The July 28 decision by the U.S. Court of Appeals for the Seventh Circuit was the first by a federal circuit court to address the question since the Equal Employment Opportunity Commission in July 2015 held in an administrative ruling that bias based on sexual orientation is sex discrimination and thus violates Title VII of the 1964 Civil Rights Act.
The EEOC's general counsel said he disagreed with the court's conclusion. Gay rights groups' representatives expressed disappointment and renewed their calls for Congress to pass the Equality Act (S. 1858, H.R. 3185).
Two other federal appeals courts have pending cases raising the same issue, so they probably also will rule on whether Title VII reaches sexual orientation.
Absent congressional action, the U.S. Supreme Court ultimately may have to resolve the matter. No federal appeals court yet has ruled that Title VII prohibits bias based on sexual orientation.
The Seventh Circuit panel said it was bound by circuit precedent rejecting recognition of sexual-orientation bias claims under Title VII, as well as repeated congressional inaction on efforts to amend federal civil rights law to include bias protections for gay workers.
It therefore affirmed a district court's dismissal of lesbian college instructor Kimberly Hively's Title VII claims that Ivy Tech Community College denied her a full-time position and promotions because of her sexual orientation.
Nevertheless, citing “changing workplace norms,” the panel examined the reasoning underlying the EEOC's decision in Baldwin v. Foxx (E.E.O.C. 2015).
The EEOC in that federal sector case ruled Title VII prohibits bias based on sexual orientation, setting out three justifications for its conclusion.
The agency said sexual orientation bias is inherently sex discrimination, that precedent prohibiting sex bias based on failure to conform with gender norms must encompass sexual orientation and that race bias cases based on associational discrimination by analogy extend to persons discriminated against for same-sex relationships.
“Perhaps the writing is on the wall” for a change in federal law, but that change must come from Congress or the Supreme Court, Judge Ilana Diamond Rovner wrote, in an opinion joined by Judges William Bauer and Kenneth Ripple.
Ripple didn't join the parts of the opinion in which the court re-examined the judicial history of sexual orientation claims under Title VII in light of the EEOC's Baldwin decision.
“While the court properly looked to EEOC’s position in Baldwin, we disagree with the court’s ultimate conclusion,” EEOC General Counsel P. David Lopez told Bloomberg BNA in a July 29 e-mail.
The court issued a well-reasoned, thoughtful opinion, said John Maley of Barnes & Thornburg LLP, which represented Ivy Tech.
Ivy Tech doesn't discriminate on any basis, including sexual orientation, and its policies prohibit bias on the basis of sexual orientation, Maley told Bloomberg BNA in a July 29 e-mail.
But Title VII simply doesn't cover sexual orientation, and the court's ruling aligns with every federal appellate decision on the issue, said Maley, a partner in the firm's Indianapolis office.
Lambda Legal, which represented Hively, said the Seventh Circuit “acknowledges” its result is “the wrong outcome” but the court said it was constrained by precedent.

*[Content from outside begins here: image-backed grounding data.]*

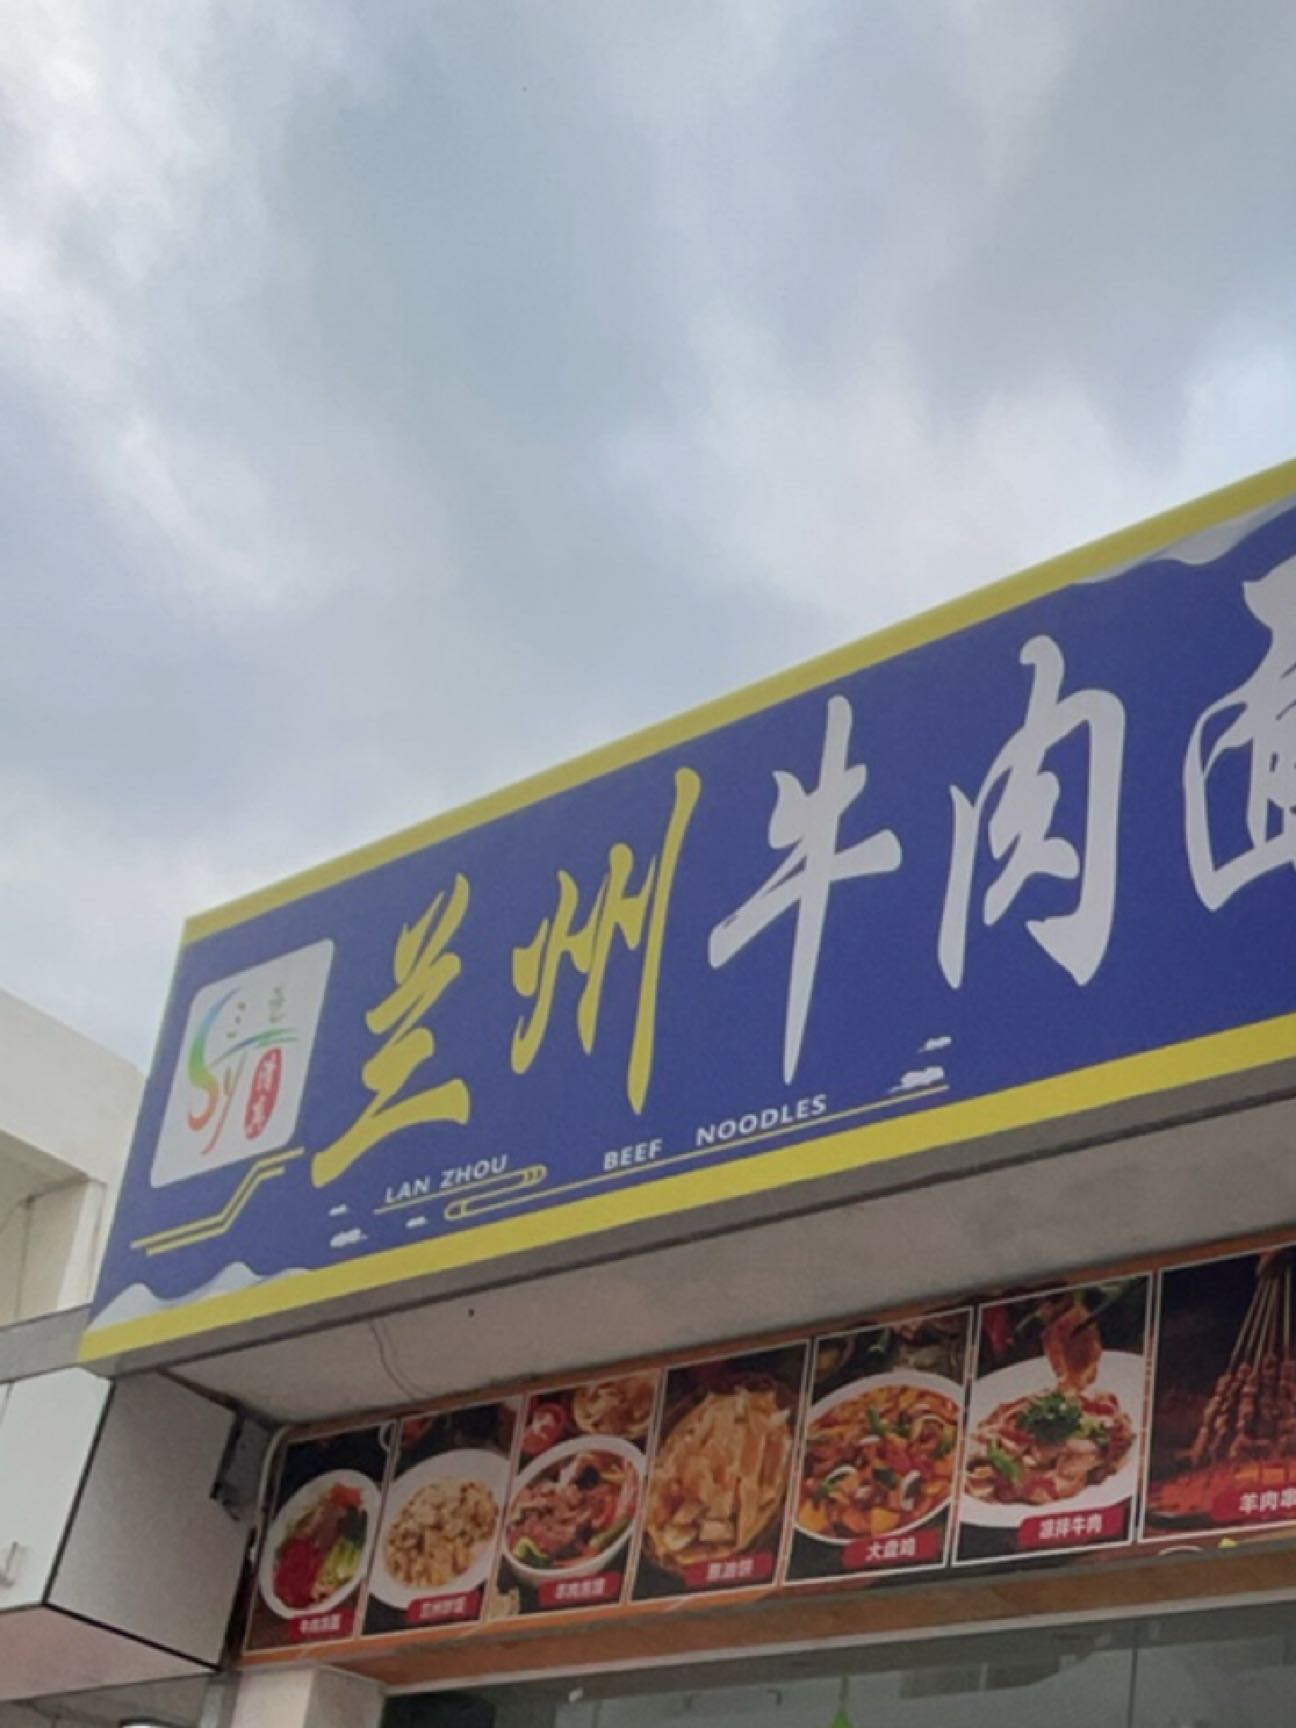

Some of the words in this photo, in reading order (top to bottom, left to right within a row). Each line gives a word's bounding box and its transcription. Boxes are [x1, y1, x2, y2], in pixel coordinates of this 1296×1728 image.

[384, 1174, 431, 1205] LAN
[440, 1153, 509, 1190] ZHOU
[603, 1138, 664, 1172] BEEF
[695, 1093, 829, 1147] NOODLES
[865, 1535, 916, 1562] 大盘鸡
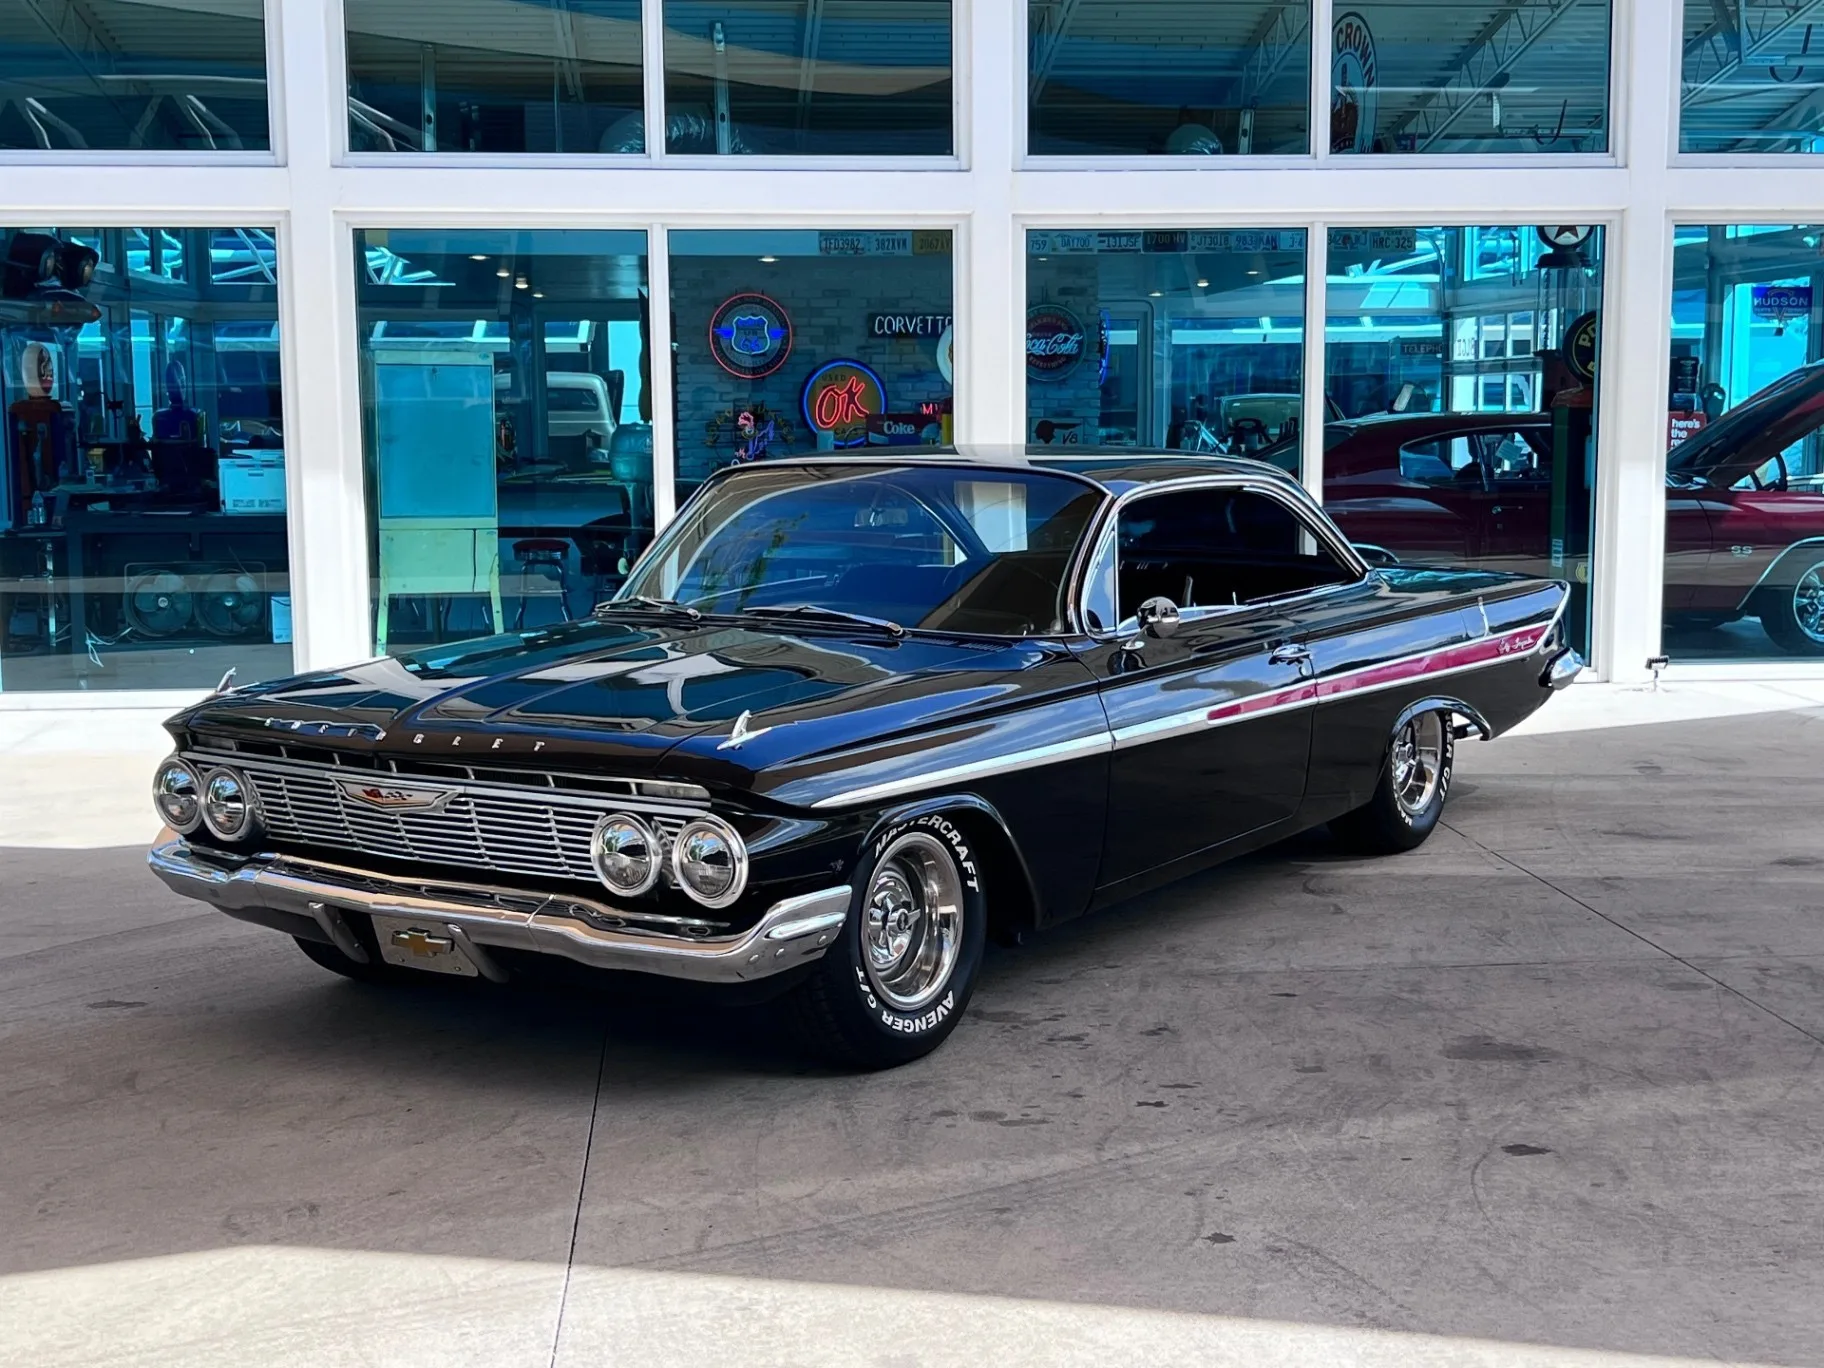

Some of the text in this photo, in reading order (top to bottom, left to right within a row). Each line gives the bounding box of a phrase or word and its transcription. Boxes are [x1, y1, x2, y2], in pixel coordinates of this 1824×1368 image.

The court “repeats over and over again that the distinction between discrimination on the basis of gender nonconformity, which is prohibited by Title VII, and sexual orientation discrimination, which the court says isn't prohibited by Title VII, is an arbitrary line,” said Gregory Nevins, a Lambda Legal attorney in Atlanta who argued for Hively on appeal.
The court said although that distinction creates “an odd state of affairs,” it was bound by prior Seventh Circuit cases to rule that Hively lacks Title VII protection.
“The writing is on the wall, the precedents the court felt bound by need to be reconsidered and we need Congress to pass the Equality Act,” Nevins said in a July 28 statement.
The ruling is “disappointing and puzzling,” because the court discusses at length why the distinctions made in prior decisions make little sense but concludes no change is possible absent further direction from Congress or the Supreme Court, said Shannon Minter, legal director of the National Center for Lesbian Rights in San Francisco.
“The result is simply to prolong the current unstable and unfortunate state of affairs where lower courts are left with no principled guidance about how to rule on sex discrimination claims by lesbian, gay, or bisexual plaintiffs,” Minter told Bloomberg BNA in a July 29 e-mail. “It makes no sense to recognize that prior precedents are wrong and yet to refuse to reconsider them. Such a ruling damages the credibility of courts and diminishes respect for the law.”
That isn't “a tenable situation” and the “net effect” likely will be to “encourage other circuits to hold that discrimination based on sexual orientation is sex discrimination,” Minter said.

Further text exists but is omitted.